** Opening Supplied records block **

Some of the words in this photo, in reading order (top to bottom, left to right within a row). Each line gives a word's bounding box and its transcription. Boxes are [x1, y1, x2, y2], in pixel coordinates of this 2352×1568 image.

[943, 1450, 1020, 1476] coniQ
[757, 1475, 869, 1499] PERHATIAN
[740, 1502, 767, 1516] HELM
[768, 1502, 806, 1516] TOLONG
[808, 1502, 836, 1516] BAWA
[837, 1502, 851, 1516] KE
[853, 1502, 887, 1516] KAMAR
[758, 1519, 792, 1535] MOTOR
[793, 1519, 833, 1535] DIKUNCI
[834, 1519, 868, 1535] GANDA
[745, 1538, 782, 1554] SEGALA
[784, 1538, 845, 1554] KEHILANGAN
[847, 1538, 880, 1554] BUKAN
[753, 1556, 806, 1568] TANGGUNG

** Closing Supplied records block **

- Your assignment -
Output every line of the data again, exactly.

- Task answer -
Some of the words in this photo, in reading order (top to bottom, left to right within a row). Each line gives a word's bounding box and its transcription. Boxes are [x1, y1, x2, y2], in pixel coordinates of this 2352×1568 image.

[943, 1450, 1020, 1476] coniQ
[757, 1475, 869, 1499] PERHATIAN
[740, 1502, 767, 1516] HELM
[768, 1502, 806, 1516] TOLONG
[808, 1502, 836, 1516] BAWA
[837, 1502, 851, 1516] KE
[853, 1502, 887, 1516] KAMAR
[758, 1519, 792, 1535] MOTOR
[793, 1519, 833, 1535] DIKUNCI
[834, 1519, 868, 1535] GANDA
[745, 1538, 782, 1554] SEGALA
[784, 1538, 845, 1554] KEHILANGAN
[847, 1538, 880, 1554] BUKAN
[753, 1556, 806, 1568] TANGGUNG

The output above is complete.